# ancient instruments that are rare in classical



## deprofundis (Apr 25, 2014)

Ockay were am i heading whit this well i like the '' exotism'' of ancient instruments
to name a fews the bowed psaltery but this you already know, than thanks to a TC
menber here i learn about the theorbos somesort of big lute it sounded quite nice.

What are your favorite ancient instrument in classical music?

Can someone tell me about strange unusual instrument still use today on rare occasion
by pro that understand them.i no my questions are odd and i could be more specific
but you know what im talking about instrumentation...

What ''olde'' instrument you worship you love there sound, any musician around here
can answer this?

Hoping this query was Worth of interrest . your pal :tiphat: deprofundis


----------



## Huilunsoittaja (Apr 6, 2010)

I like this instrument a lot:






Some people say it's not really an ancestor to the clarinet. But, it does have single reed, a ligature, and overtone series built on 12ths just as the modern day clarinet is.


----------



## Manxfeeder (Oct 19, 2010)

Cornets are cool. They look like oboes with trumpet mouthpieces. They sound like a trumpet with a head cold, but they work well with voices because they don't overpower them.


----------



## Sloe (May 9, 2014)

The water organ is rarely used.


----------



## haydnfan (Apr 13, 2011)

The glass harmonica went in style and then out of style, but not before Mozart and Beethoven wrote a few pieces for it. Check this out:


----------



## arpeggio (Oct 4, 2012)

*The Serpent*

The serpent: http://www.serpentwebsite.com/

I know of two movie sound tracks that use the serpent: Bernard Hermann's _Journey to the Center of the Earth_ and Jerry Goldsmith's _Alien_.


----------



## haydnfan (Apr 13, 2011)

Okay that's not ancient (glass harmonica), and neither is this, but I'm sharing anyway: the octobass. Built in 1850 so not that old but very rare:


----------



## haydnfan (Apr 13, 2011)

Okay to atone for posting not so ancient instruments, here is the transverse flute.
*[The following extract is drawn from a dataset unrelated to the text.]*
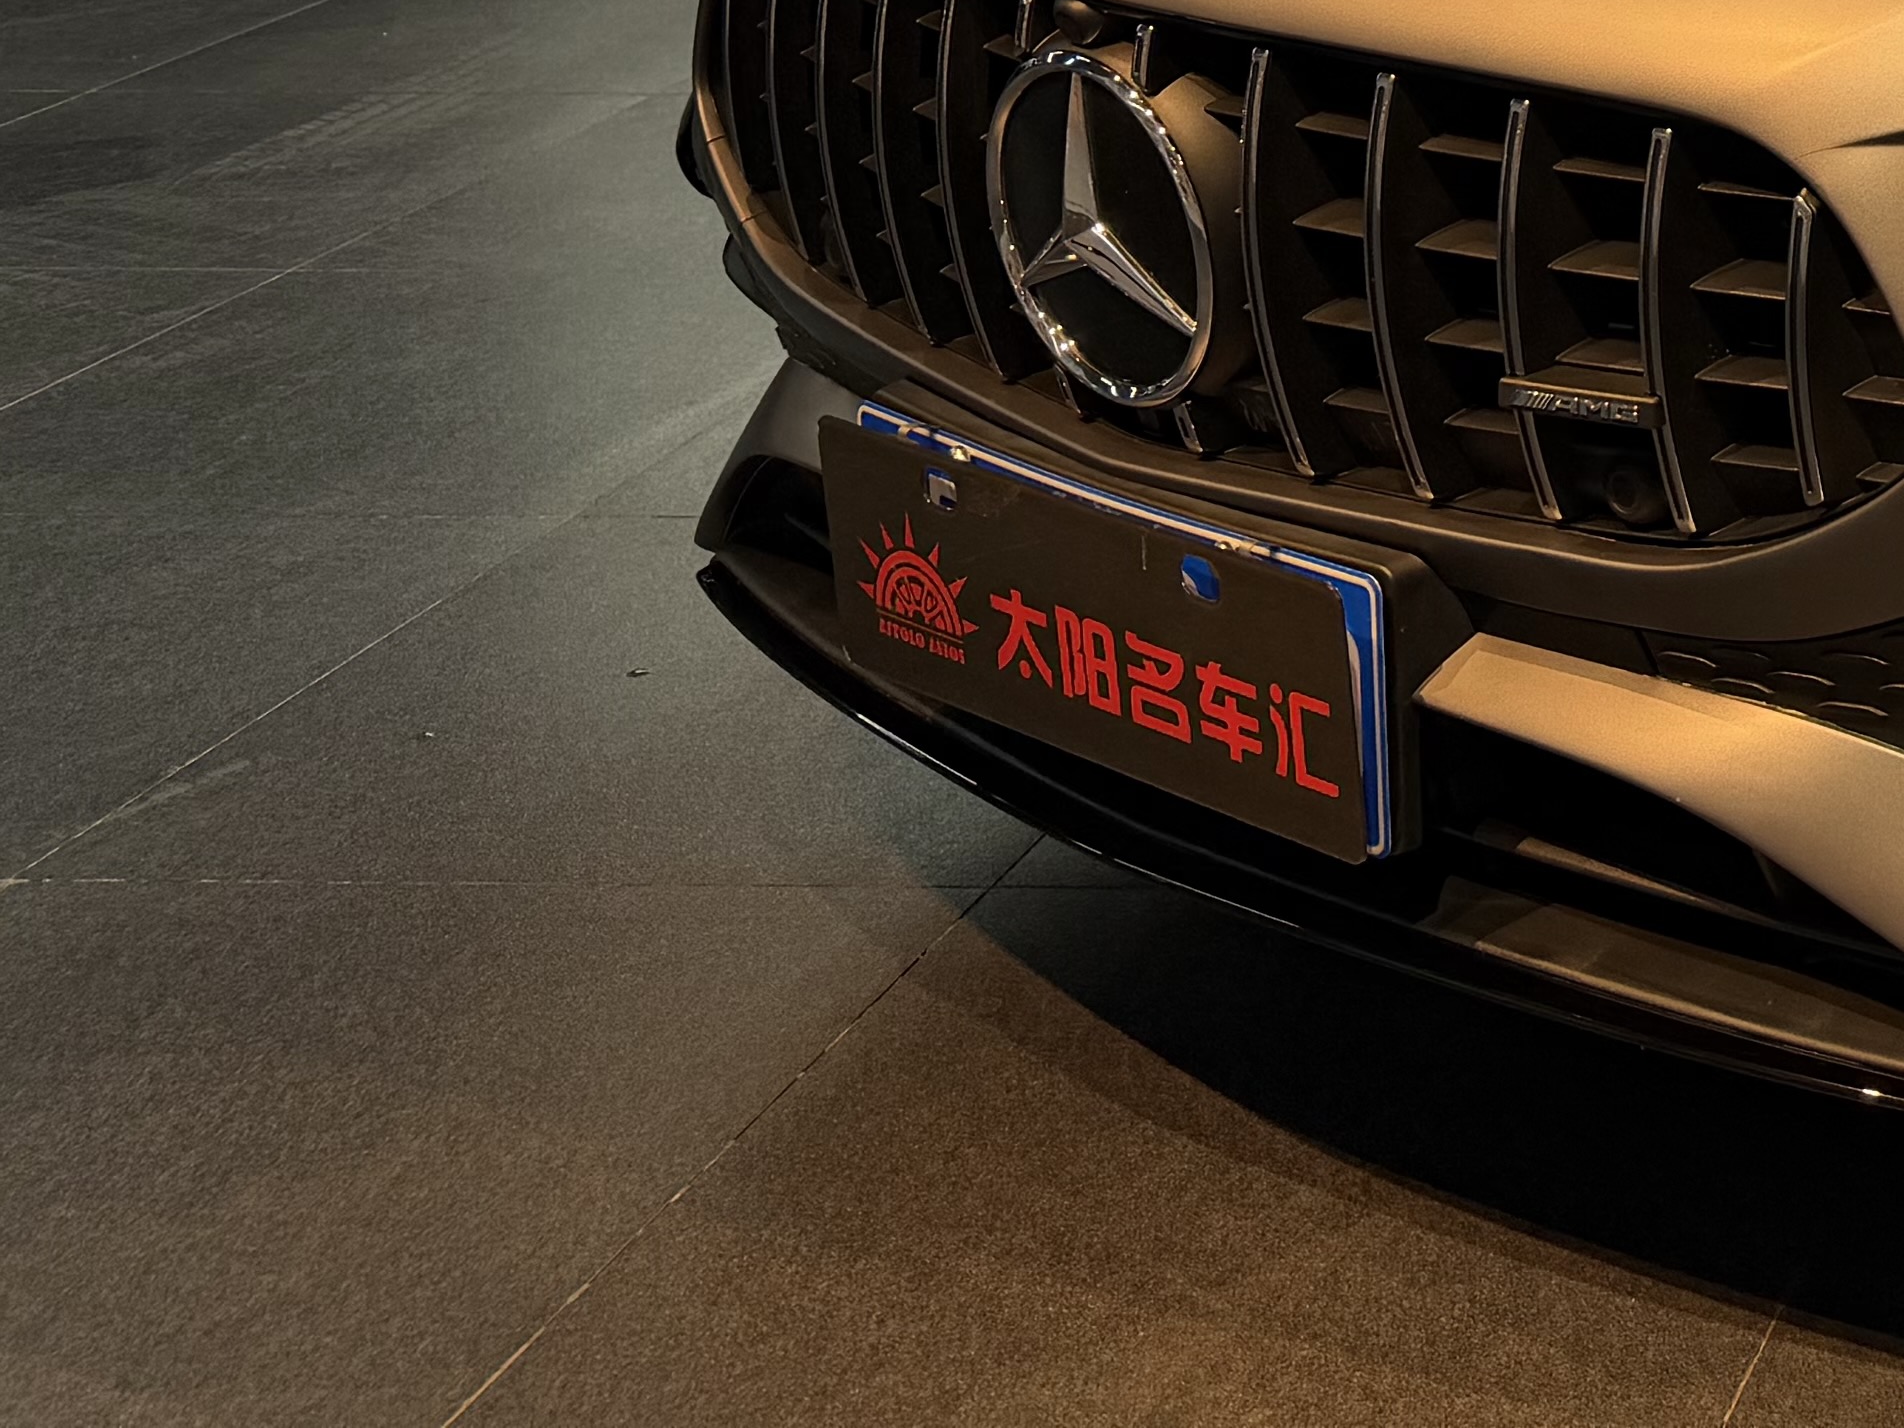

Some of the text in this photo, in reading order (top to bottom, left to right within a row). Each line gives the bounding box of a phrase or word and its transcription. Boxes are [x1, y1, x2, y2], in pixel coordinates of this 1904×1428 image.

[1553, 394, 1640, 424] AMG
[990, 588, 1339, 798] 太阳名车汇
I love the sound of this instrument and it was used extensively in the Renaissance and Baroque era:


----------



## Heliogabo (Dec 29, 2014)

It is said that Bach composed his famous suites for this rare instrument: the violoncelo da spalla


----------



## Becca (Feb 5, 2015)

The Crumhorn .... which despite its name is a double reed instrument






[Also the name for some organ stops in addition to our esteemed TC administrator  ]


----------



## ArtMusic (Jan 5, 2013)

The chalemeau was used quite often in the Baroque. Sounded like a modern clarinet. Lovely, as was the music written for it.


----------



## Weston (Jul 11, 2008)

Huilunsoittaja said:


> I like this instrument a lot:
> 
> 
> 
> ...





ArtMusic said:


> The chalemeau was used quite often in the Baroque. Sounded like a modern clarinet. Lovely, as was the music written for it.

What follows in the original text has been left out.